[Work request]
Would you please transcribe the data in full and exactly, excluding images?

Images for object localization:
• • •

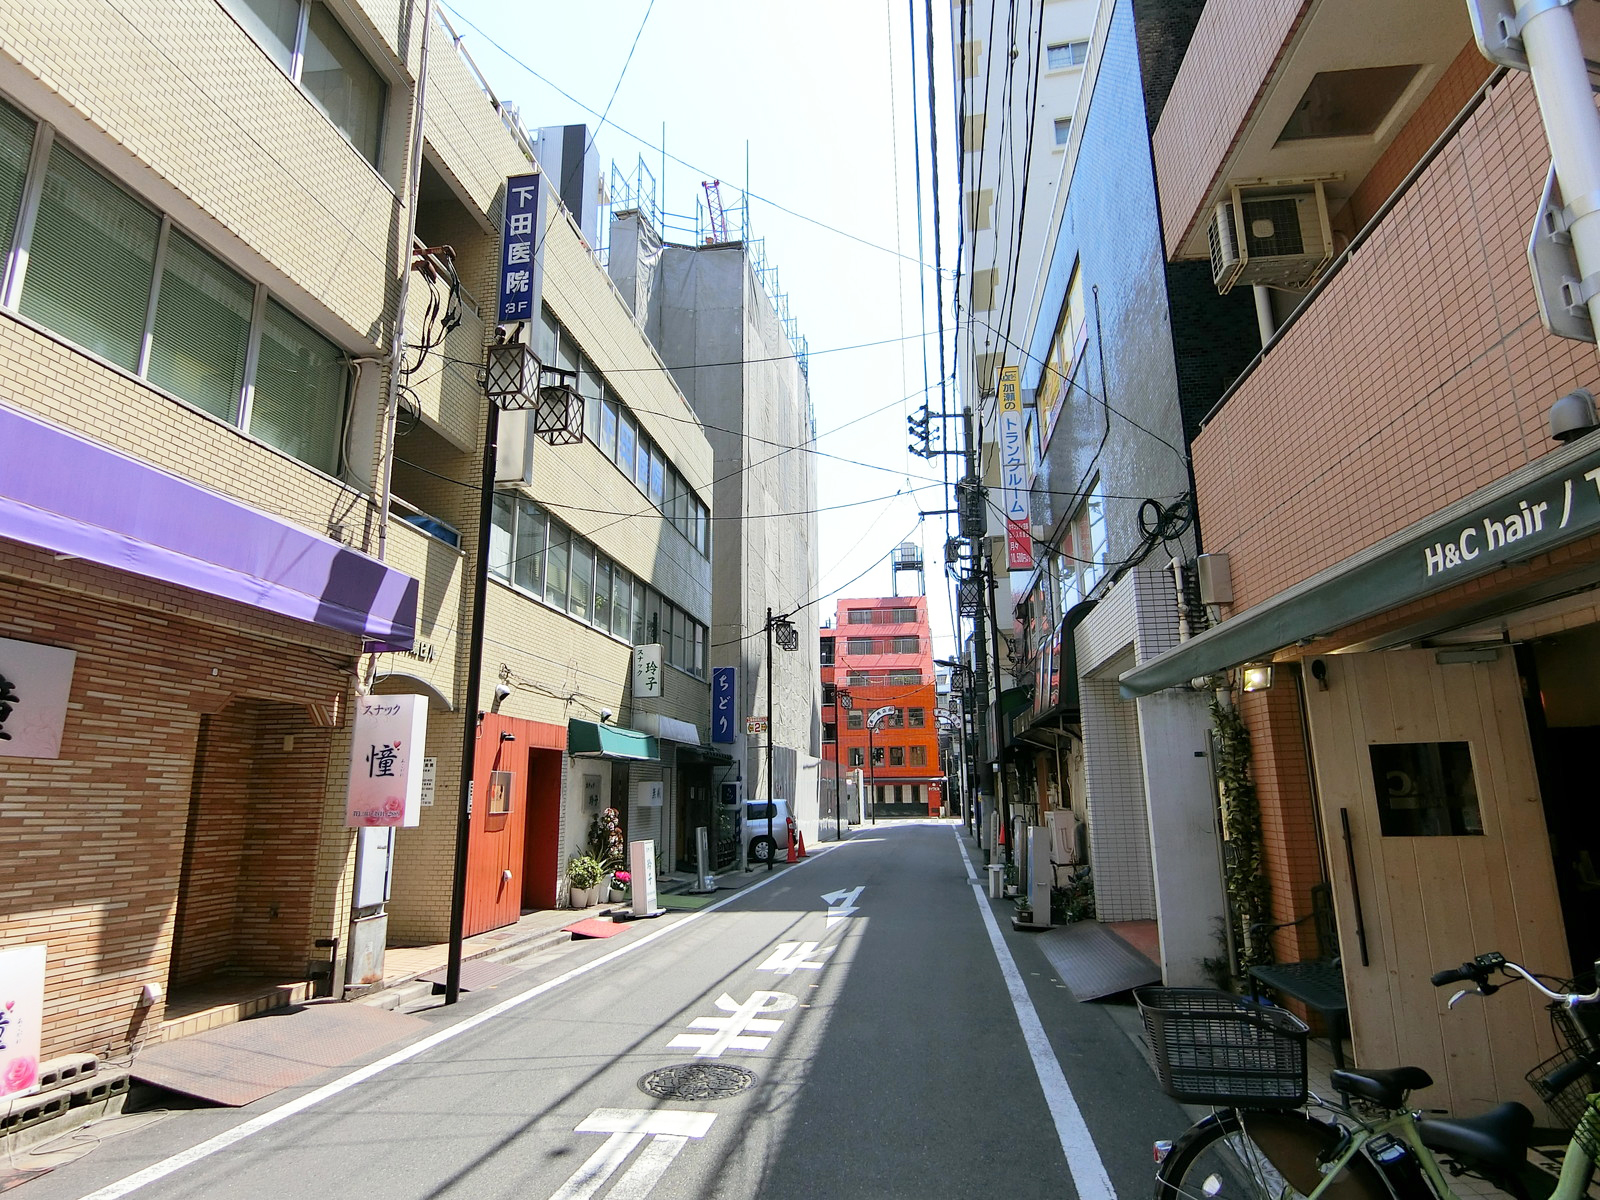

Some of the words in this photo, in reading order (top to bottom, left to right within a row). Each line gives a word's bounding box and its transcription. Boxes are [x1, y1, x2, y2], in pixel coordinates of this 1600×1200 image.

[505, 185, 535, 294] 下田医院
[505, 301, 528, 314] 3F
[1006, 417, 1024, 513] トランクルーム
[1424, 527, 1479, 577] H&C
[1482, 500, 1548, 551] hair
[645, 660, 659, 692] 玲子
[363, 703, 401, 717] スナック
[718, 674, 731, 734] ちどり
[754, 722, 761, 733] 2
[366, 744, 398, 778] 憧
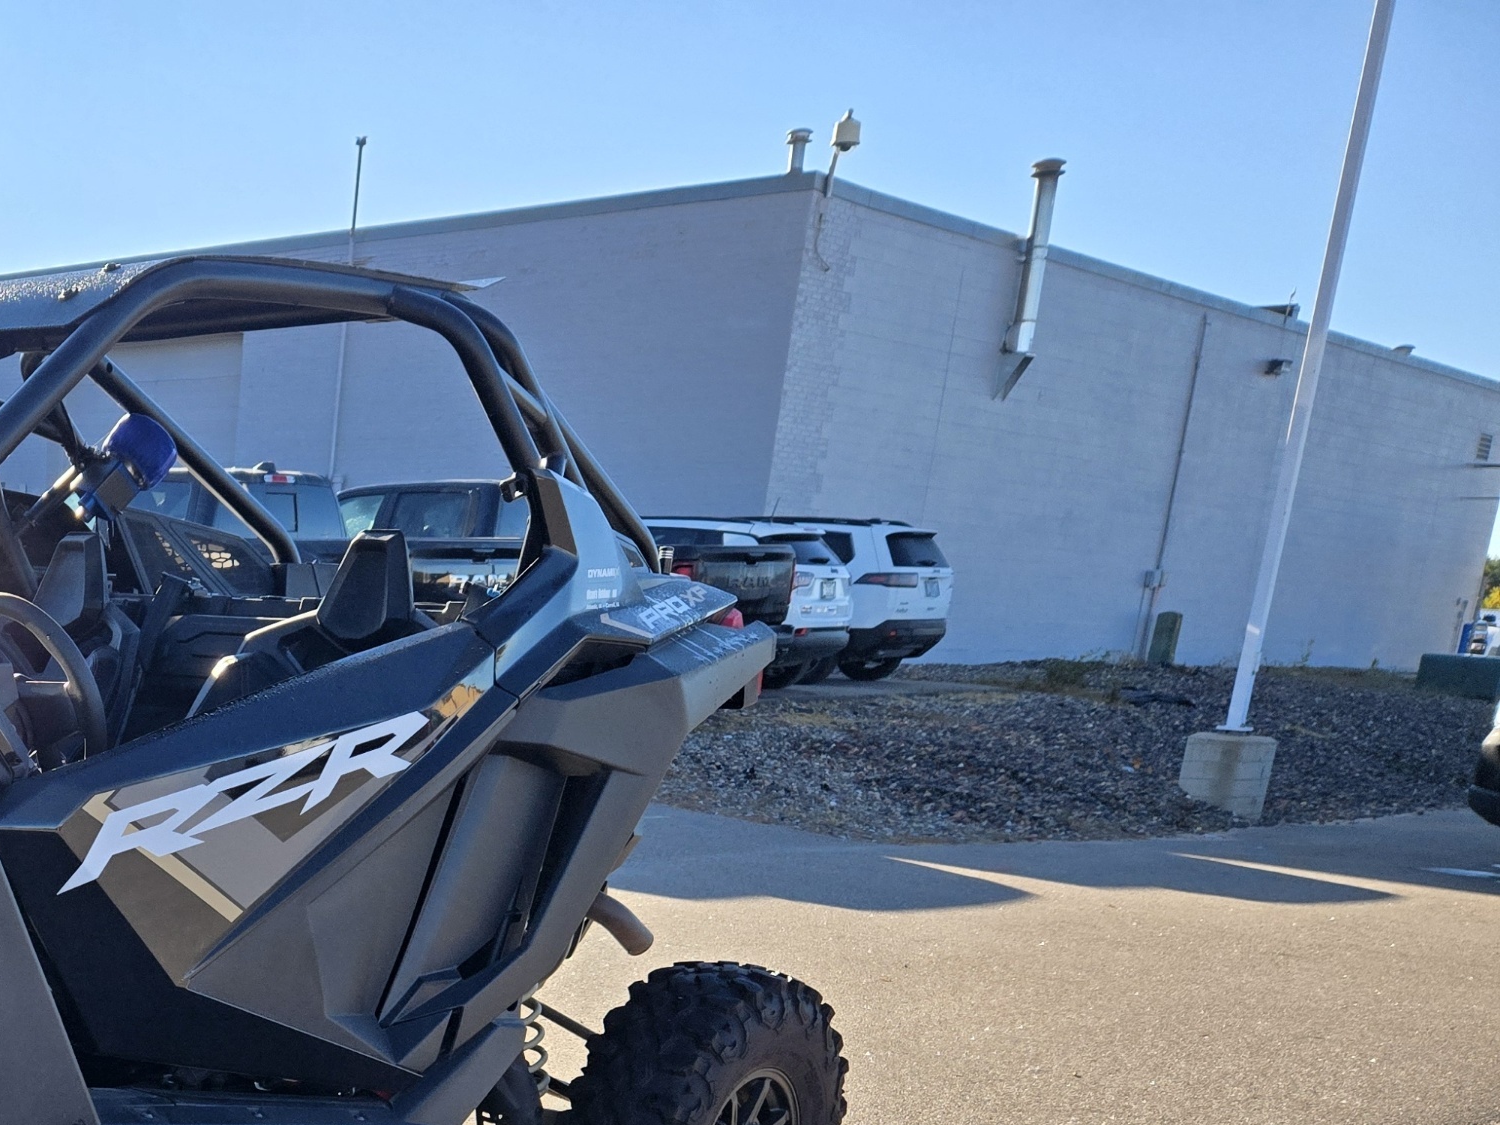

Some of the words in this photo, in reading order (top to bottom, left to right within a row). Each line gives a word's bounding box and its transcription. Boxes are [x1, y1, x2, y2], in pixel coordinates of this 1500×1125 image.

[638, 595, 691, 630] PRO
[679, 585, 708, 607] XP
[56, 711, 430, 895] RZR

• • •

[Answer space]
Some of the words in this photo, in reading order (top to bottom, left to right within a row). Each line gives a word's bounding box and its transcription. Boxes are [x1, y1, x2, y2], in pixel coordinates of this 1600×1200 image.

[505, 185, 535, 294] 下田医院
[505, 301, 528, 314] 3F
[1006, 417, 1024, 513] トランクルーム
[1424, 527, 1479, 577] H&C
[1482, 500, 1548, 551] hair
[645, 660, 659, 692] 玲子
[363, 703, 401, 717] スナック
[718, 674, 731, 734] ちどり
[754, 722, 761, 733] 2
[366, 744, 398, 778] 憧

Some of the words in this photo, in reading order (top to bottom, left to right within a row). Each line gives a word's bounding box and its transcription. Boxes are [x1, y1, x2, y2], in pixel coordinates of this 1500×1125 image.

[638, 595, 691, 630] PRO
[679, 585, 708, 607] XP
[56, 711, 430, 895] RZR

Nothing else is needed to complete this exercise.